(Data excerpts)
_ _ _ _ _
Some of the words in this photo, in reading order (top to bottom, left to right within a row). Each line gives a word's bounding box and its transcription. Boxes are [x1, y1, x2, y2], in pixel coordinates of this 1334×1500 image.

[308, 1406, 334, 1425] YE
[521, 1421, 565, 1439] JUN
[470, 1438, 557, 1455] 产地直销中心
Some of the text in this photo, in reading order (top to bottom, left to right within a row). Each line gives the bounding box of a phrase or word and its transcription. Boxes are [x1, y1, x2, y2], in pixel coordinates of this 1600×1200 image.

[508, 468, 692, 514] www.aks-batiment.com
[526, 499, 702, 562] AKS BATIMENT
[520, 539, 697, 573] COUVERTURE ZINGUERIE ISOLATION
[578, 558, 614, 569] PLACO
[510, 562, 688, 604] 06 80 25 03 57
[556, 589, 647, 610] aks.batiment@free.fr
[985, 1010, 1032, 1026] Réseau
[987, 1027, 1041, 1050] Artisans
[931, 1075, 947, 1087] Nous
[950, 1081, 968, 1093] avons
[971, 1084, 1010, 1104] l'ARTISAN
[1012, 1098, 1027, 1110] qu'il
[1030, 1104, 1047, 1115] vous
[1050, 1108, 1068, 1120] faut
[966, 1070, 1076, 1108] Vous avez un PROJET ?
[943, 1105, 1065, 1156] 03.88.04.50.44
_ _ _ _ _
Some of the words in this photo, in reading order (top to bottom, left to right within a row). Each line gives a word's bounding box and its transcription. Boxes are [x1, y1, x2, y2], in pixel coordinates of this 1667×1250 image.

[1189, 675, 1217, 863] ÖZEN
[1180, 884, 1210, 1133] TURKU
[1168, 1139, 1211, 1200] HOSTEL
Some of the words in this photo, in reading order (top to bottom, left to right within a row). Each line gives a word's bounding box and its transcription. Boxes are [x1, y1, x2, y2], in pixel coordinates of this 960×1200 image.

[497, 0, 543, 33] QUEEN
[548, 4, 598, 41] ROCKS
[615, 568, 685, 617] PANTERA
_ _ _ _ _
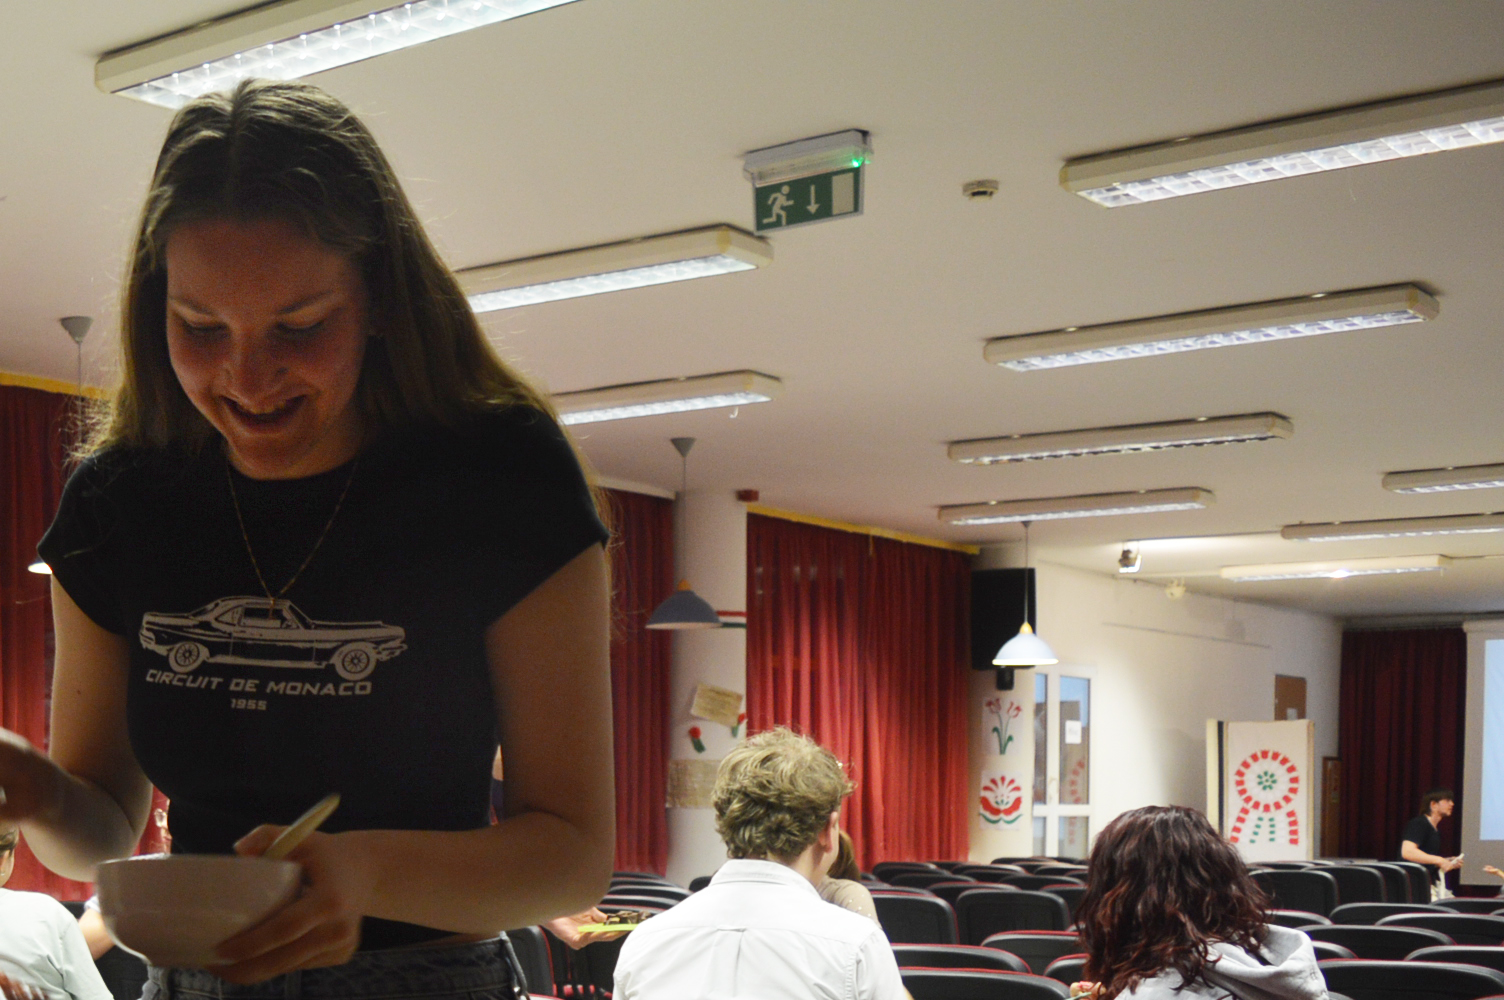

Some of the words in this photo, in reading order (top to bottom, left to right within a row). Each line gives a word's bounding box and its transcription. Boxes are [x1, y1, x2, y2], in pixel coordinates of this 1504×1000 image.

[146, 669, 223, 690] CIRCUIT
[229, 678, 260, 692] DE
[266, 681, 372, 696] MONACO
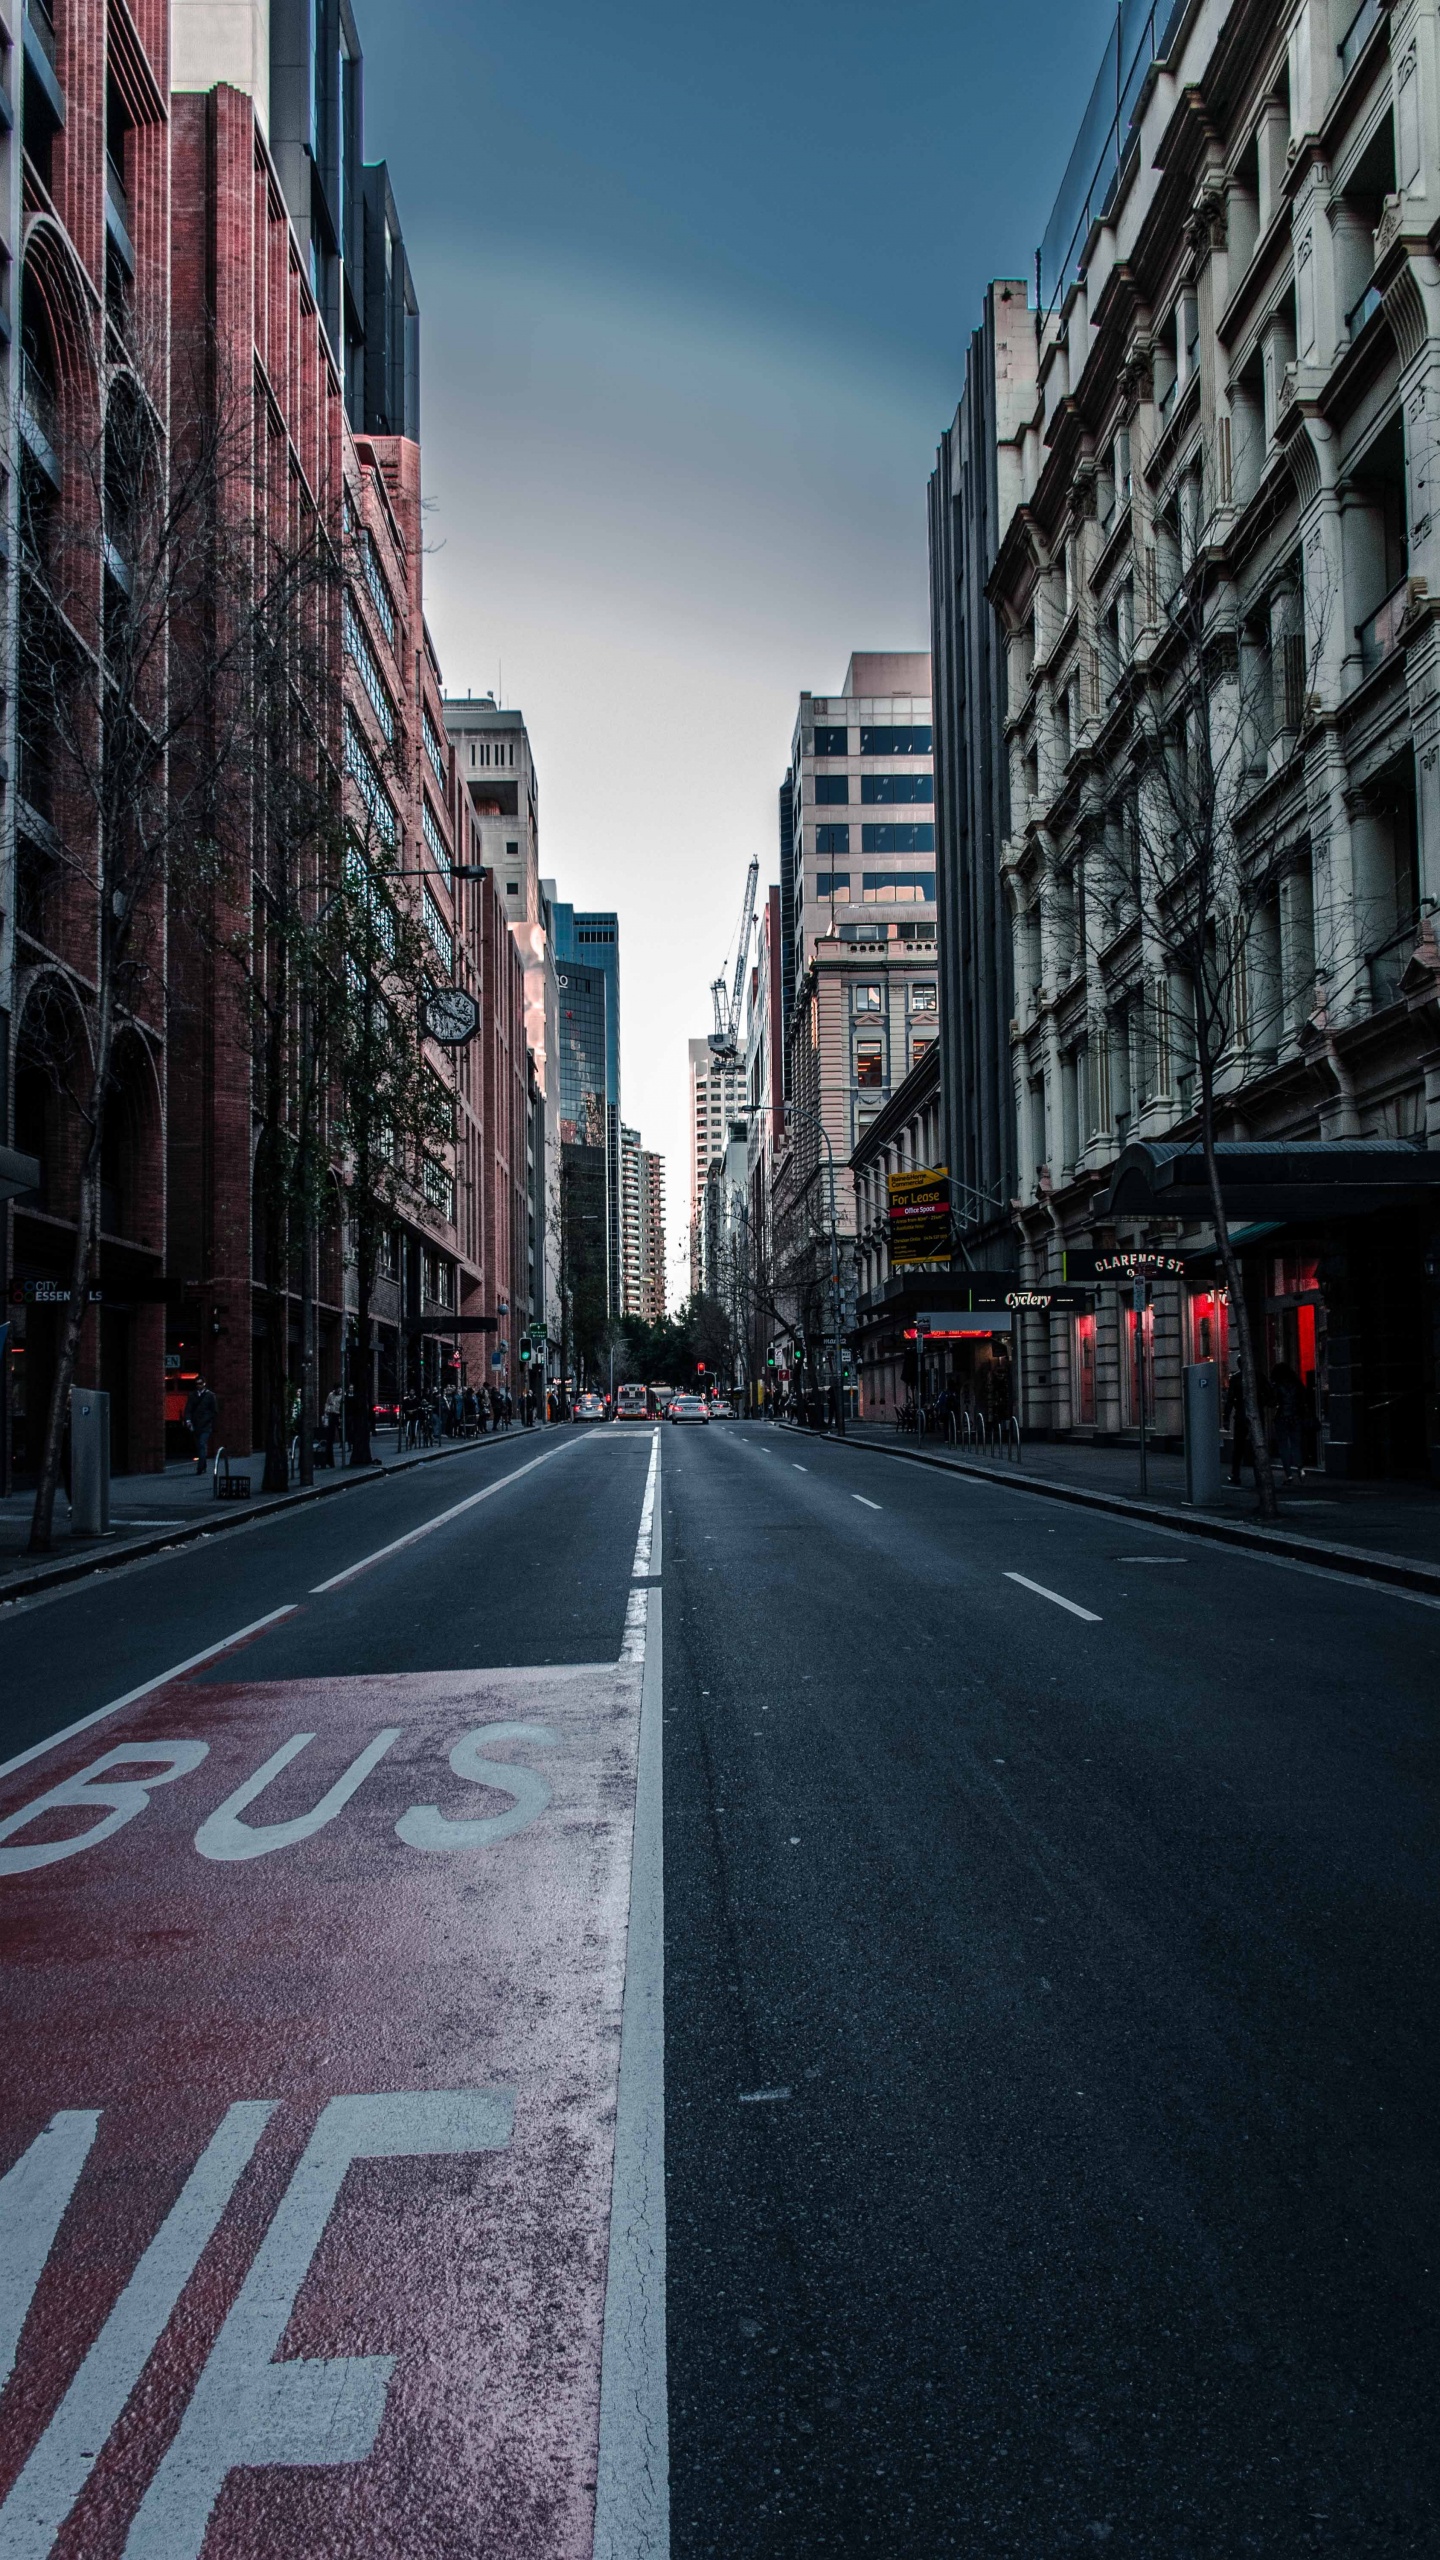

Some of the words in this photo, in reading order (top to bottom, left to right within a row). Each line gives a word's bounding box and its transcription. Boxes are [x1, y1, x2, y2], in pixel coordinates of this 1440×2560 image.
_ _ _ _ _
*TASK OBJECTIVE*.
Repeat exactly, and only, the entries from the line with "this 1504×1000 image." through the line with "this 1440×2560 image.". Pictures are skipped.

*TASK RESPONSE*.
Some of the words in this photo, in reading order (top to bottom, left to right within a row). Each line gives a word's bounding box and its transcription. Boxes are [x1, y1, x2, y2], in pixel coordinates of this 1504×1000 image.

[146, 669, 223, 690] CIRCUIT
[229, 678, 260, 692] DE
[266, 681, 372, 696] MONACO

Some of the words in this photo, in reading order (top to bottom, left to right within a row). Each line gives a word's bounding box and its transcription. Boxes are [x1, y1, x2, y2], in pixel coordinates of this 1440×2560 image.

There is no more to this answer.